History – Karlsruhe – “Anti-Semitism Carved in Stone”: Process on Gudensau – Wikipedia

Karlsruhe (dpa) – The Federal Court of Justice (BGH) is considering whether an offensive plastic substance called “Gudensau” should be removed from the church of the town of Wittenberg in Saxony-Anhalt. Looking at this relief in private, it is “anti-Semitism in stone,” Judge Stefan Setters said in Karlsruhe on Monday. However, the anti-Jewish sandstone inscription from the thirteenth century is now supplemented by a base plate and easel, which is intended to classify the depiction. The sixth Senate wants to announce its decision on June 14. (Ref. VI ZR 172/20)

The engraving shows a pig suckling its nipples by two supposedly Jewish people through their pointed hats. According to BGH, someone who is considered a rabbi raises a pig’s tail and looks into its anus. In the Jewish faith, pigs are considered unclean. The town’s parish describes Wittenberger Sau as “a difficult legacy, but also a document of contemporary history.”

Prosecutor Dietrich Dollmann, who says he converted to Judaism in 1978 and has called himself Michael since then, wants the statue removed from the church. He sees Gudensau as just one example of the church’s many misconduct in dealing with the Jews and found clear words on the sidelines of the negotiations: “The Church made the German people capable of annihilation.” In particular, Dollman describes the reformer Martin Luther (1483-1546), who once preached in the same church in Wittenberg, as a “ferocious anti-Semite”.

In the 1980s the city’s church community, in consultation with the Jewish community, dealt with the relief and made it part of the memorial, their attorney Brunhild Ackermann argued.
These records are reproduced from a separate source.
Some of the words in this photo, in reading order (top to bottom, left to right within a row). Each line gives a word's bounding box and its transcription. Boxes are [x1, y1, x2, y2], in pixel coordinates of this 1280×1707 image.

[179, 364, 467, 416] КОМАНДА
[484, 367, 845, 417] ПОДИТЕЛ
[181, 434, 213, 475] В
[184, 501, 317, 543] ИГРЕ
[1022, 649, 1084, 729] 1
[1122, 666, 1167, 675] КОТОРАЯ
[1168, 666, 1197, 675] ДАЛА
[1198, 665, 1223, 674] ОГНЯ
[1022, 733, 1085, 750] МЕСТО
The form in which the historical context is indicated is not a matter for the plaintiff nor for the court.

Düllmann’s BGH attorney Christian Rohnke saw it differently. In his view, the data on the explanation board is not enough. He said the church bears no responsibility. It has also been said that the depiction of a boar has been an “induction sculpture” since 1290 – and not just because people think of it differently today.
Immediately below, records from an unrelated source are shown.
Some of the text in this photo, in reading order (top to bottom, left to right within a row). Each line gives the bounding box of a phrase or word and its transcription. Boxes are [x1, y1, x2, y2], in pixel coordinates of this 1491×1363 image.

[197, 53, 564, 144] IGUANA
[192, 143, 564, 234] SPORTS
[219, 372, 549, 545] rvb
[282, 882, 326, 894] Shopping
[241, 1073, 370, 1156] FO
On the other hand, Ackermann listed a number of examples, such as the depiction of blacks or the treatment of women, which are no longer recent from today’s perspective and may subsequently have to be removed from books and films. She said such relics should not be “sacrificed to the zeitgeist” in the spirit of democracy. How were children supposed to learn about discrimination against Jews in school if there was nothing else to see about it?

The interpretive painting of the church says that abusive statues of this type were especially prevalent in the Middle Ages. “There are still about fifty such sculptures.” The Central Council of Jews has no reliable information on the total number of such fees. There is nothing known there from other legal disputes that could be based on the BGH ruling.

The plaintiff Düllmann had previously failed before the Dessau-Roßlau District Court and Naumburg Higher Regional Court (OLG). The 79-year-old said after the BGH hearing that everything else would surprise him now. Then he goes to the Federal Constitutional Court, where it is not about civil law questions about humiliation and neglect, but about basic law and human dignity. Last but not least, he can go to the European Court of Human Rights.

Central Council President Joseph Schuster had requested a plaque after the Supreme Regional Court’s decision that “clearly explains the abusive relief and places it in historical context”. He now explained to the German news agency that the church must express a clear ordination and condemnation. That was not clear yet.

“The Church’s anti-Jewish history cannot be undone,” Schuster said. An explanation board is better than removing the offending plastic and then denying it. According to the Central Council, there are successful examples in Regensburg Cathedral and the Collegiate Church of the Knights of St. Peter in Bad Wimpfen near Heilbronn.

Christian Staffa, Commissioner of Anti-Semitism at the Evangelical Church of Germany, explained that “the long history of Jewish anti-Semitism and Christian anti-Semitism, which has been obscenely intensified in this relief, cannot be explained by legal means”. Instead, “ecclesiastical testimonies of anti-Jewish attitudes and practices” should be appropriate to break away from all forms of anti-Semitism.